Il faut bien s’appeler Bernard Kouchner pour jouer un rôle d’artiste de composition frisant la perfection. Si seulement face à lui, il avait eu des crétins notoires dotés du coefficient intellectuel d’une huître, l’exercice aurait pu être crédible…..!!

Nous vous ferons grâce de son discours, déjà hébergé sur Diplonet (dont nous vous conseillons tout de même la lecture, tellement vous trouverez de mensonges et d’inepties au millimètre carré).
Il faut bien s’appeler Bernard Kouchner pour nous dire à haute et intelligible voix qu’il avait fermement décidé SIC « de mettre un coup d’arrêt à l’érosion progressive de nos moyens de fonctionnement » mais que ce STOP allait passer par la disparition de la DGCID, par la suppression de 700 emplois et que demain, nous fonctionnaires pourrions être virés manu militari, comme dans le privé mais sans parachute doré.

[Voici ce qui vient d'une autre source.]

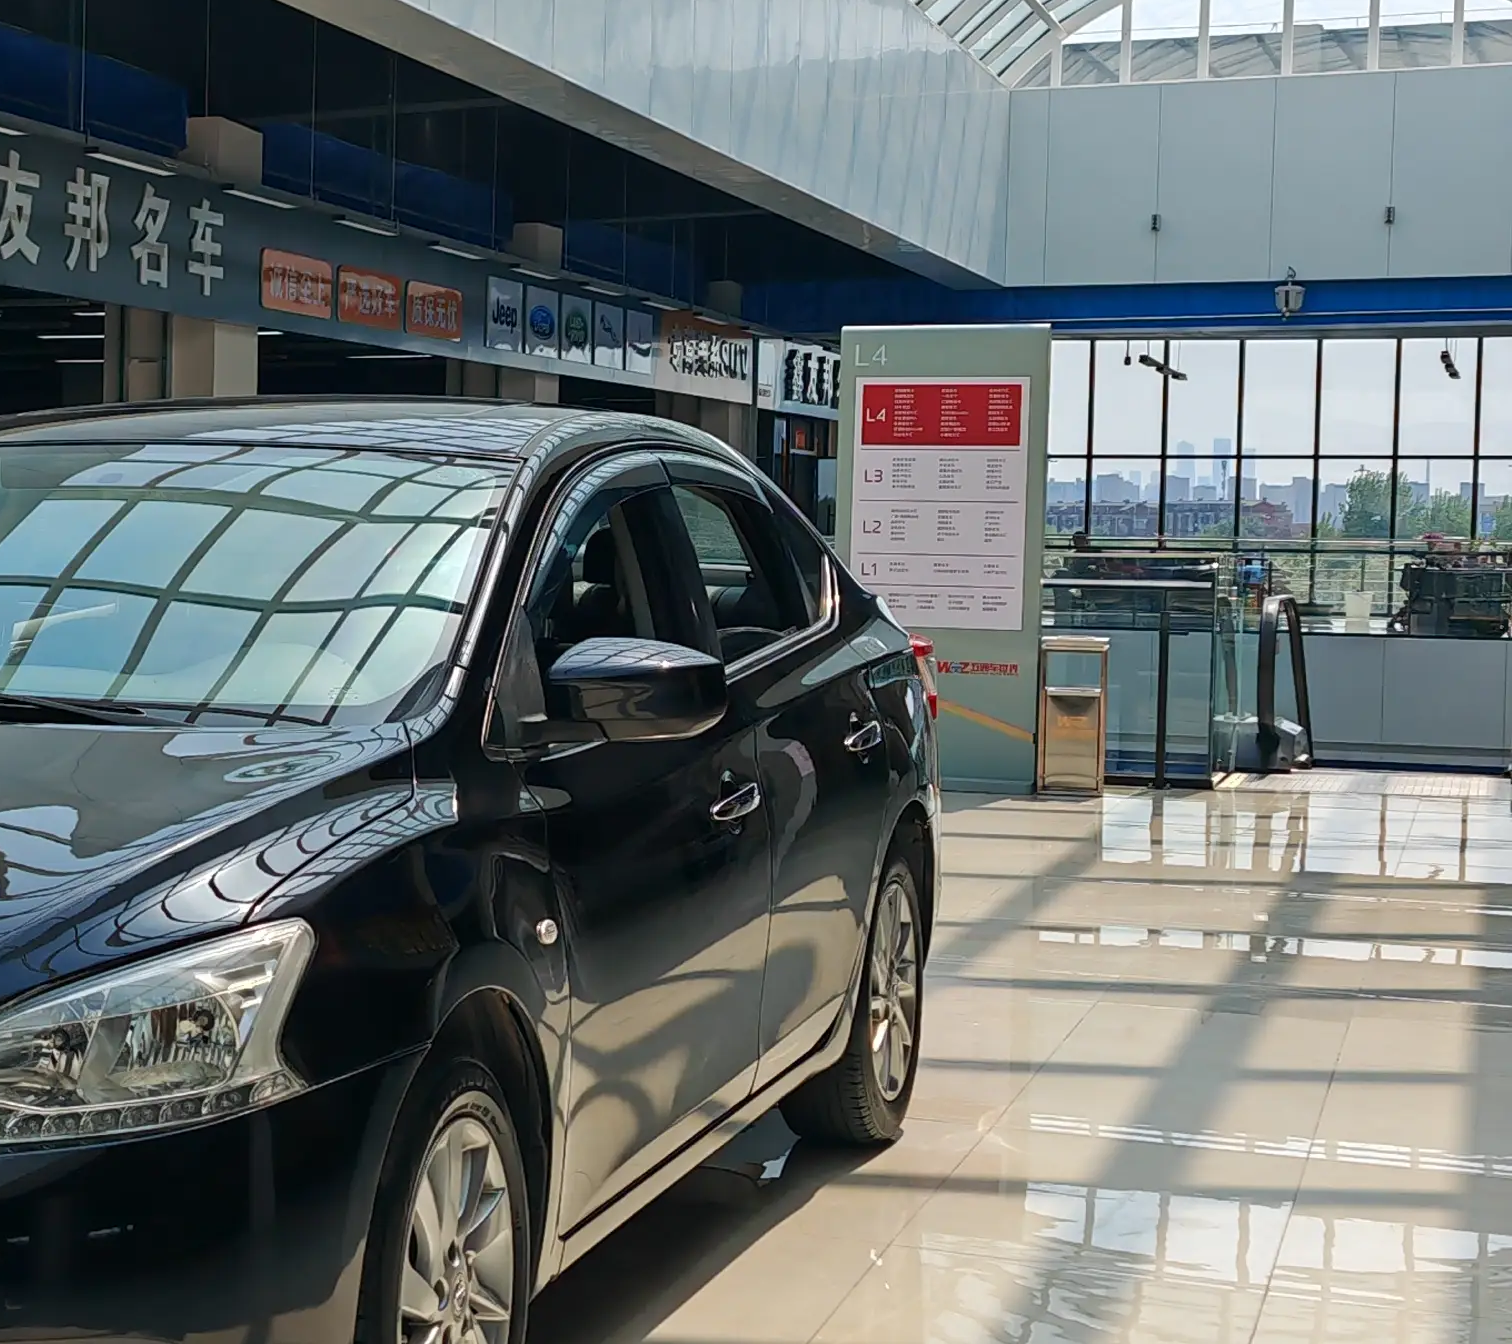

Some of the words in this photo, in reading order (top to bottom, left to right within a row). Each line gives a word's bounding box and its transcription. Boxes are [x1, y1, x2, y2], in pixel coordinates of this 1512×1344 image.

[492, 297, 518, 334] Jeep
[855, 344, 888, 366] L4
[784, 348, 841, 410] 鑫友邦
[866, 408, 887, 422] L4
[864, 469, 884, 483] L3
[863, 520, 882, 534] L2
[861, 562, 877, 576] L1

Enfin grâce à M. Kouchner, la RGPP (Réforme Générale des Politiques Publiques) allait permettre de ne laisser SIC « personne sur le bord de la route » et pour cause nous sommes déjà dans le fossé !
Vous le savez, le Ministère des Affaires Etrangères est déjà entré dans une phase dangereuse d’externalisation. Au service de la valise diplomatique, cette externalisation s’avère d’ores et déjà catastrophique. Les services des visas où plus rien ne garantit maintenant la confidentialité des données nécessaire à la mise en œuvre de la biométrie, et laisse la porte ouverte à toutes les corruptions imaginables.
Sachez donc qu’il en va de même pour le DGCID ou ce que notre cher Kouchner appelle un –Etat-major- dont les effectifs auront été divisé par 10 sera manœuvré par ce que l’on se plait d’appeler =des opérateurs= autrement dit des acteurs privés.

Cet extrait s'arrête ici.